Work task. Give the entries below again exactly. Their pictures are not needed.

◆ ◆ ◆

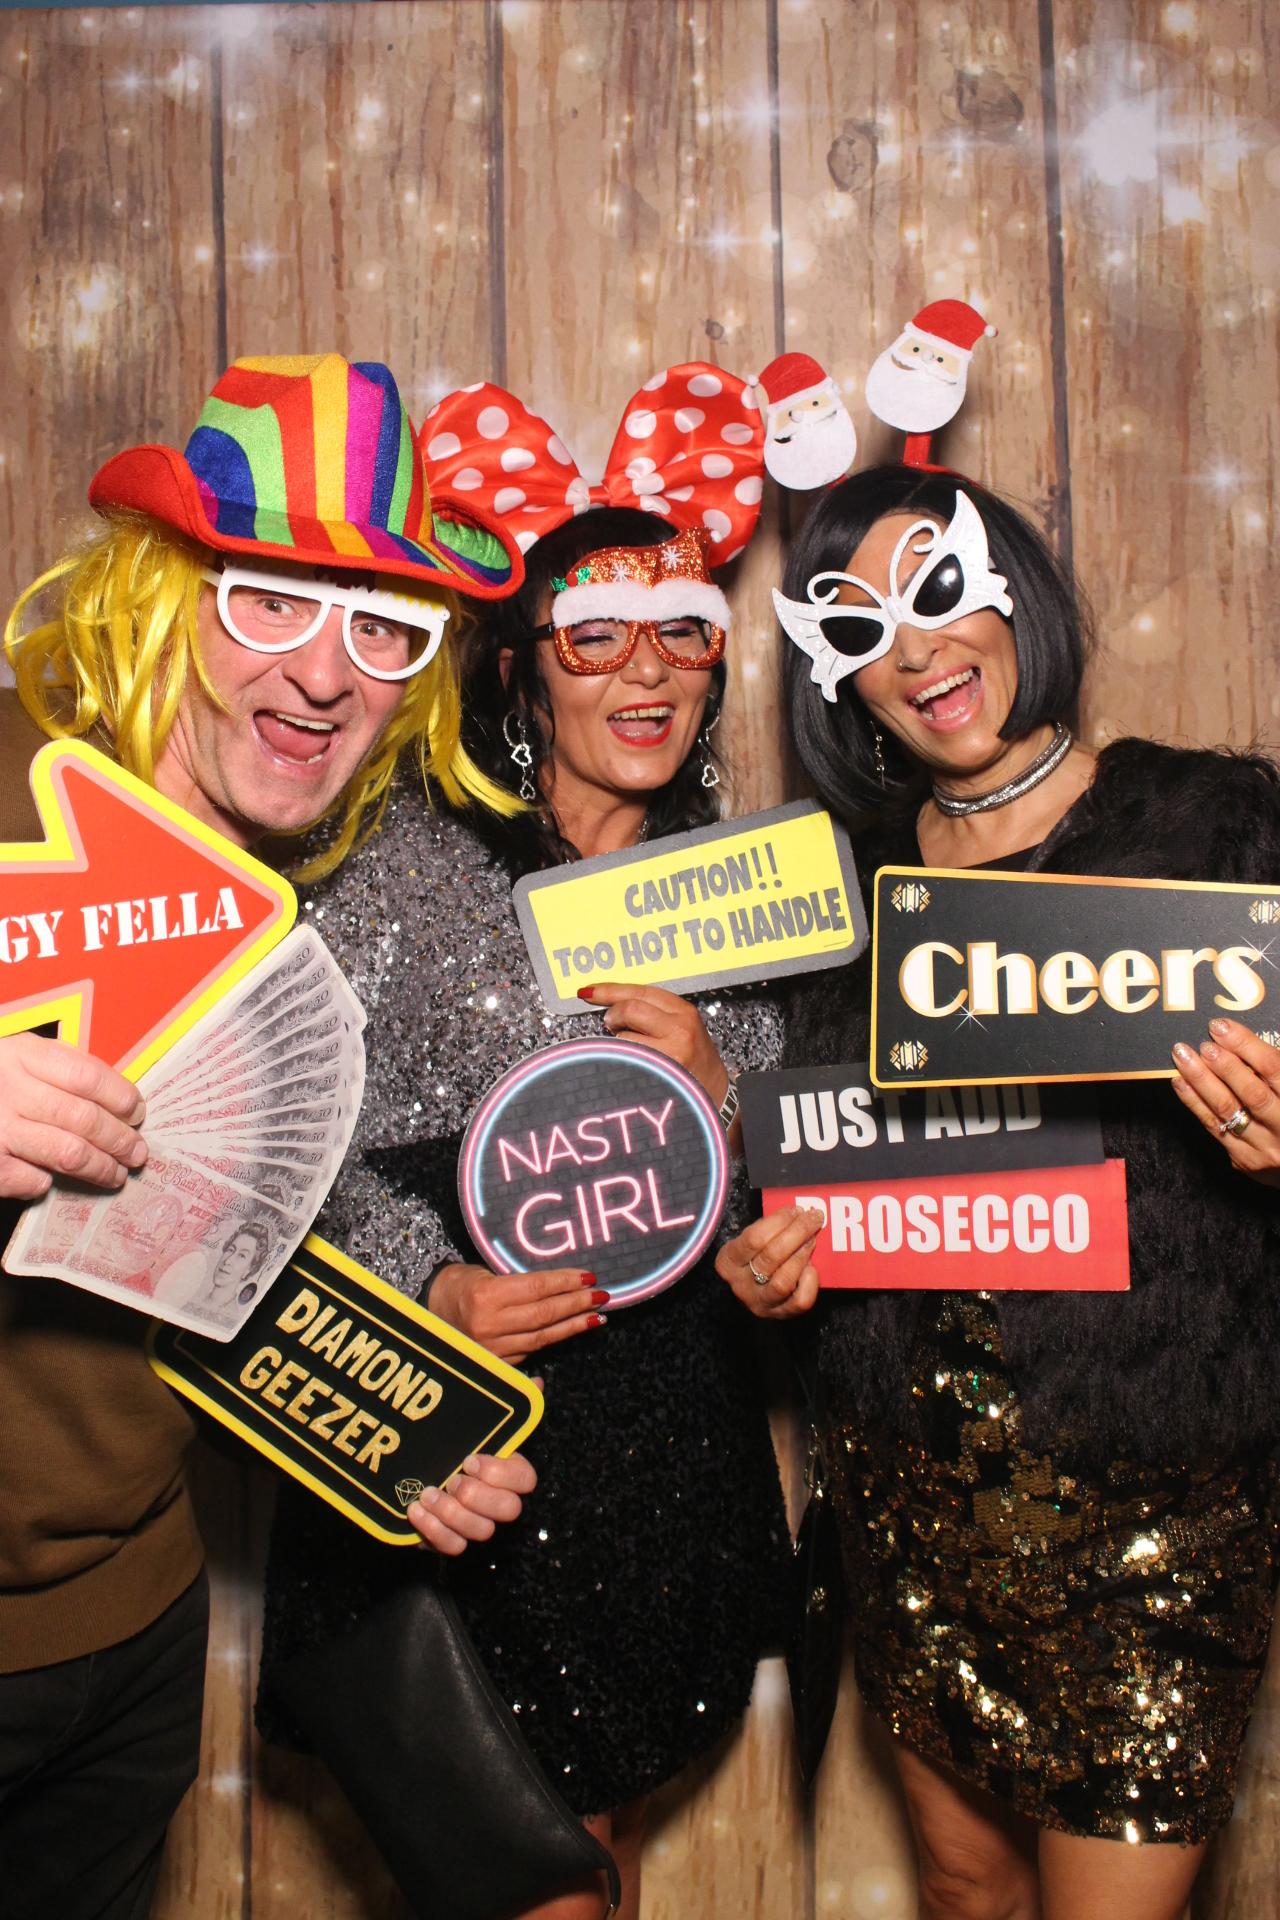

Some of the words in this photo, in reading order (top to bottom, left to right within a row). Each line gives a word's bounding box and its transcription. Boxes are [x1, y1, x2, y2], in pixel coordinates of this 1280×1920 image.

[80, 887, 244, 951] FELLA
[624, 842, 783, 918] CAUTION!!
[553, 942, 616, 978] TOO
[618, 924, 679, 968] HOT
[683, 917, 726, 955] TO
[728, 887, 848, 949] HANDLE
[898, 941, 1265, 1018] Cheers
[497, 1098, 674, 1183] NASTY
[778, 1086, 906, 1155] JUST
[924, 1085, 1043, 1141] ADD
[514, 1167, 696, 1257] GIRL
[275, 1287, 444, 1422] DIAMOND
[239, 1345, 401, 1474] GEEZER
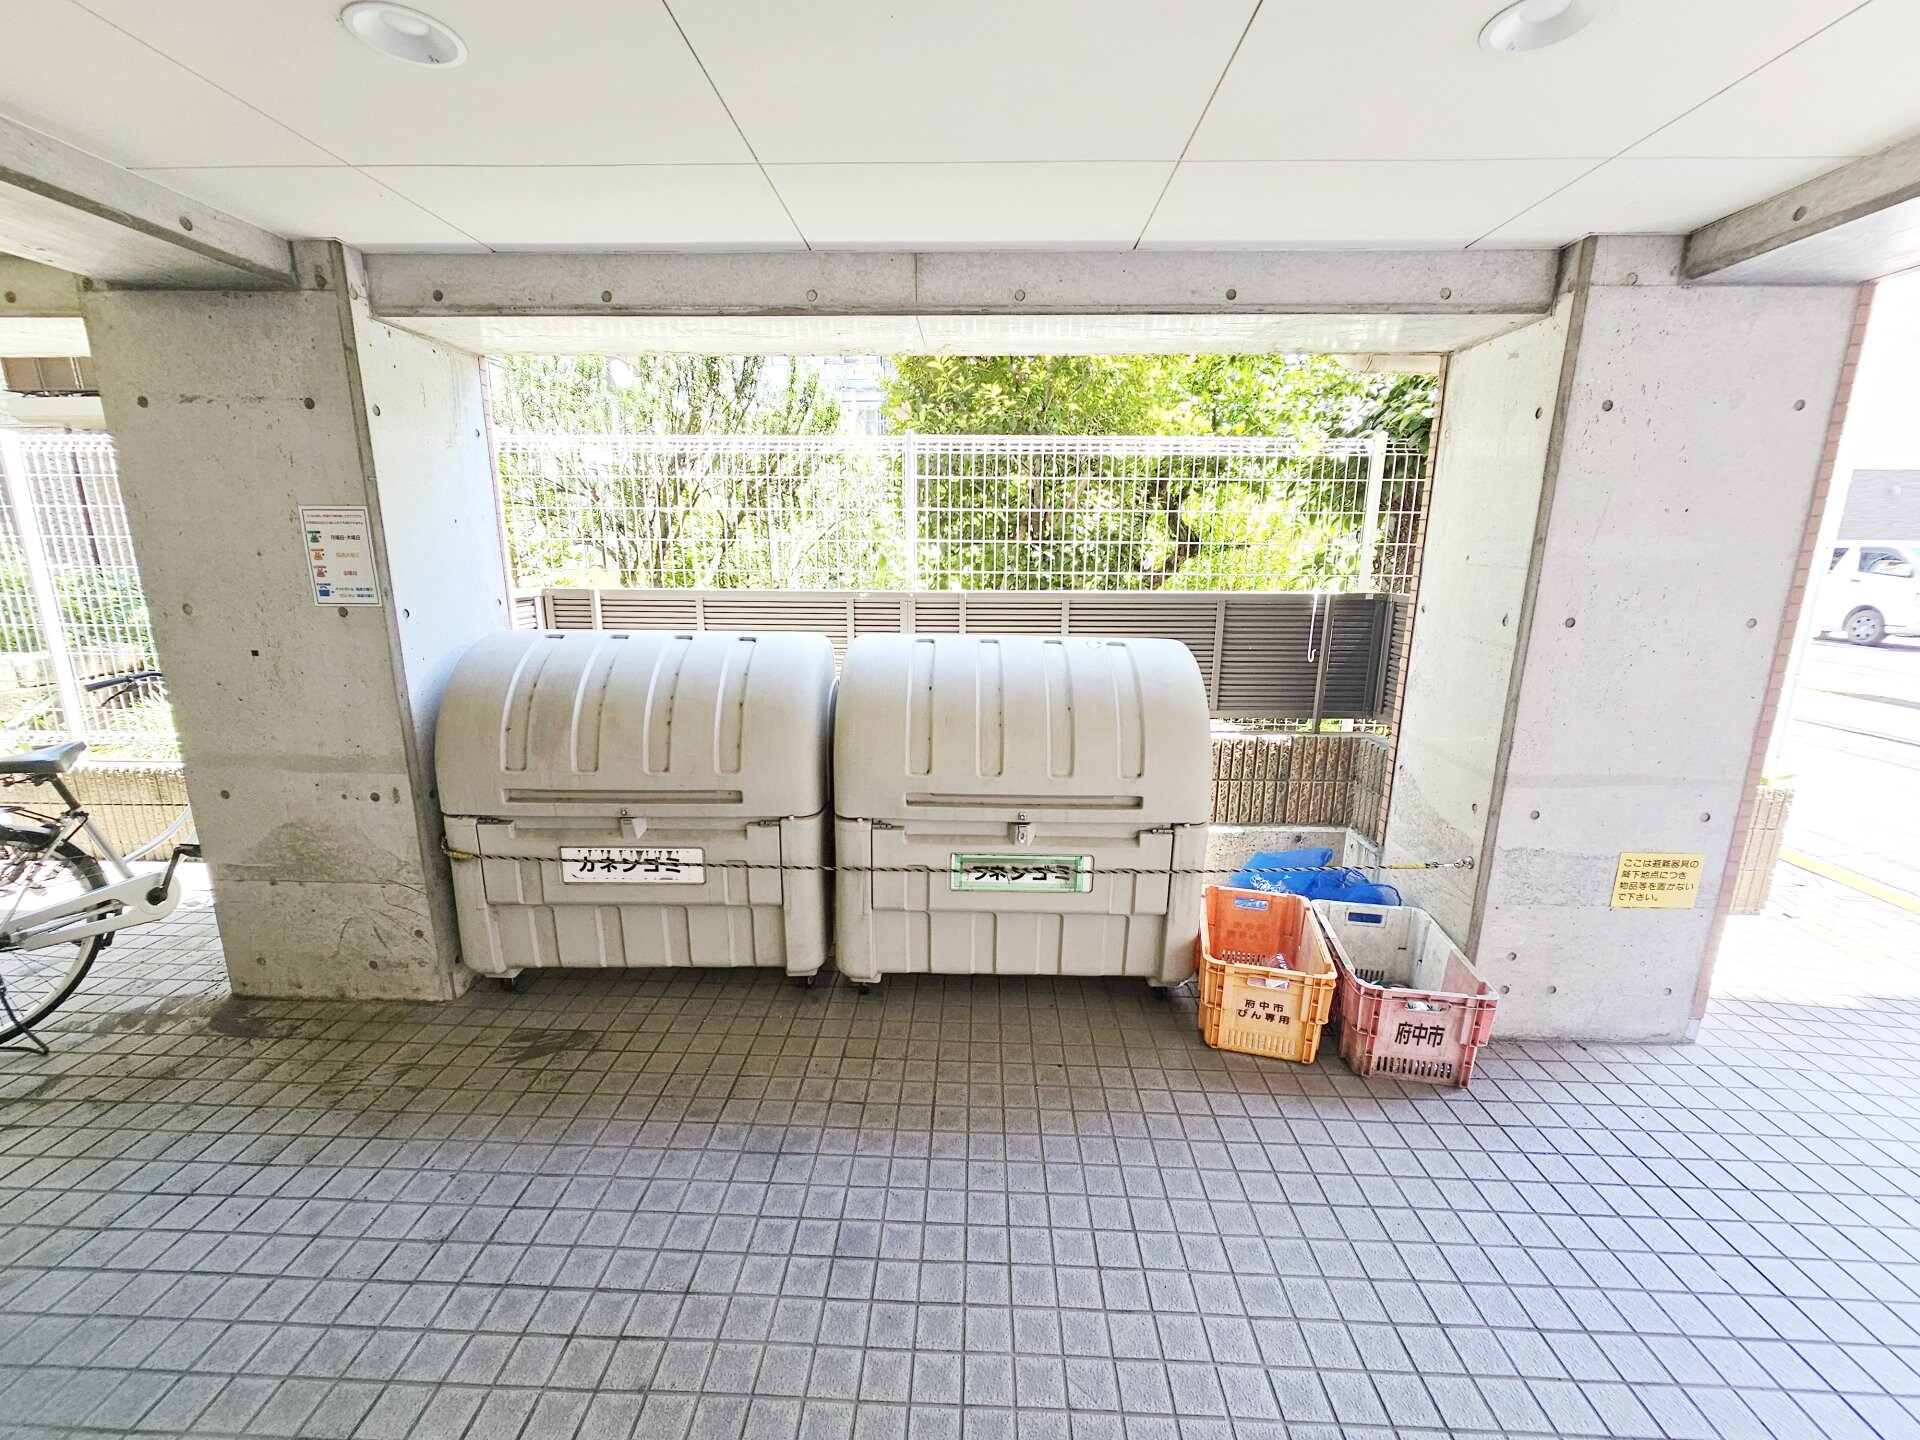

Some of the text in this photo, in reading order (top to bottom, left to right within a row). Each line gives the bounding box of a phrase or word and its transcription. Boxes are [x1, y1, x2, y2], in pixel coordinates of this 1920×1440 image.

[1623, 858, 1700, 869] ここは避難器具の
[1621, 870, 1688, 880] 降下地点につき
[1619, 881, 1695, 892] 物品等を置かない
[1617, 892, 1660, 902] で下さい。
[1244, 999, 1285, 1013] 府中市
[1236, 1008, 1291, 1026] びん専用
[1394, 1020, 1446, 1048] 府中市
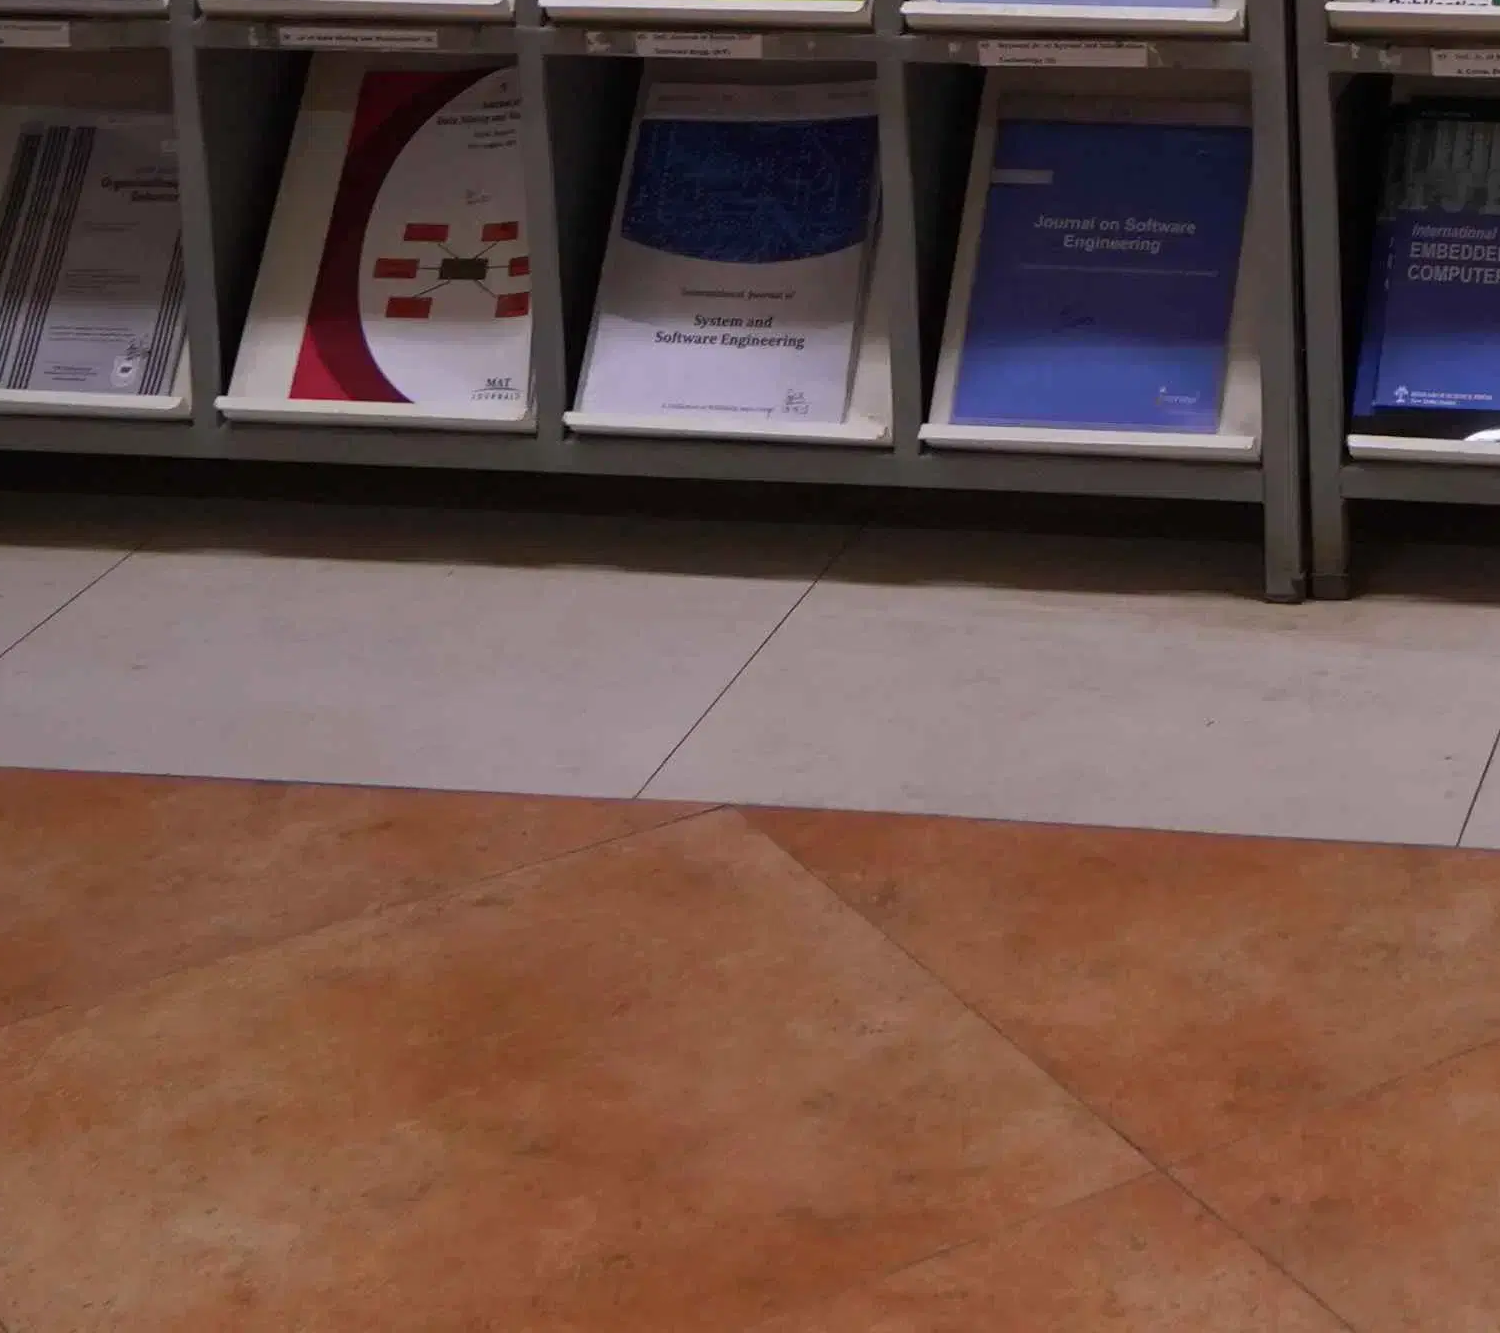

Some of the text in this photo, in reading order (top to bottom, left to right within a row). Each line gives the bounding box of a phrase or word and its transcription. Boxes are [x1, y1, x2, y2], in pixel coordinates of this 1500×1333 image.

◆ ◆ ◆

Problem solution.
Some of the words in this photo, in reading order (top to bottom, left to right within a row). Each line gives a word's bounding box and its transcription. Boxes are [x1, y1, x2, y2], in pixel coordinates of this 1280×1920 image.

[80, 887, 244, 951] FELLA
[624, 842, 783, 918] CAUTION!!
[553, 942, 616, 978] TOO
[618, 924, 679, 968] HOT
[683, 917, 726, 955] TO
[728, 887, 848, 949] HANDLE
[898, 941, 1265, 1018] Cheers
[497, 1098, 674, 1183] NASTY
[778, 1086, 906, 1155] JUST
[924, 1085, 1043, 1141] ADD
[514, 1167, 696, 1257] GIRL
[275, 1287, 444, 1422] DIAMOND
[239, 1345, 401, 1474] GEEZER

Some of the text in this photo, in reading order (top to bottom, left to right within a row). Each line gives the bounding box of a phrase or word and its transcription. Boxes are [x1, y1, x2, y2], in pixel coordinates of this 1920×1440 image.

[1623, 858, 1700, 869] ここは避難器具の
[1621, 870, 1688, 880] 降下地点につき
[1619, 881, 1695, 892] 物品等を置かない
[1617, 892, 1660, 902] で下さい。
[1244, 999, 1285, 1013] 府中市
[1236, 1008, 1291, 1026] びん専用
[1394, 1020, 1446, 1048] 府中市

Some of the text in this photo, in reading order (top to bottom, left to right within a row). Each line gives the bounding box of a phrase or word and its transcription. Boxes are [x1, y1, x2, y2], in pixel coordinates of this 1500×1333 image.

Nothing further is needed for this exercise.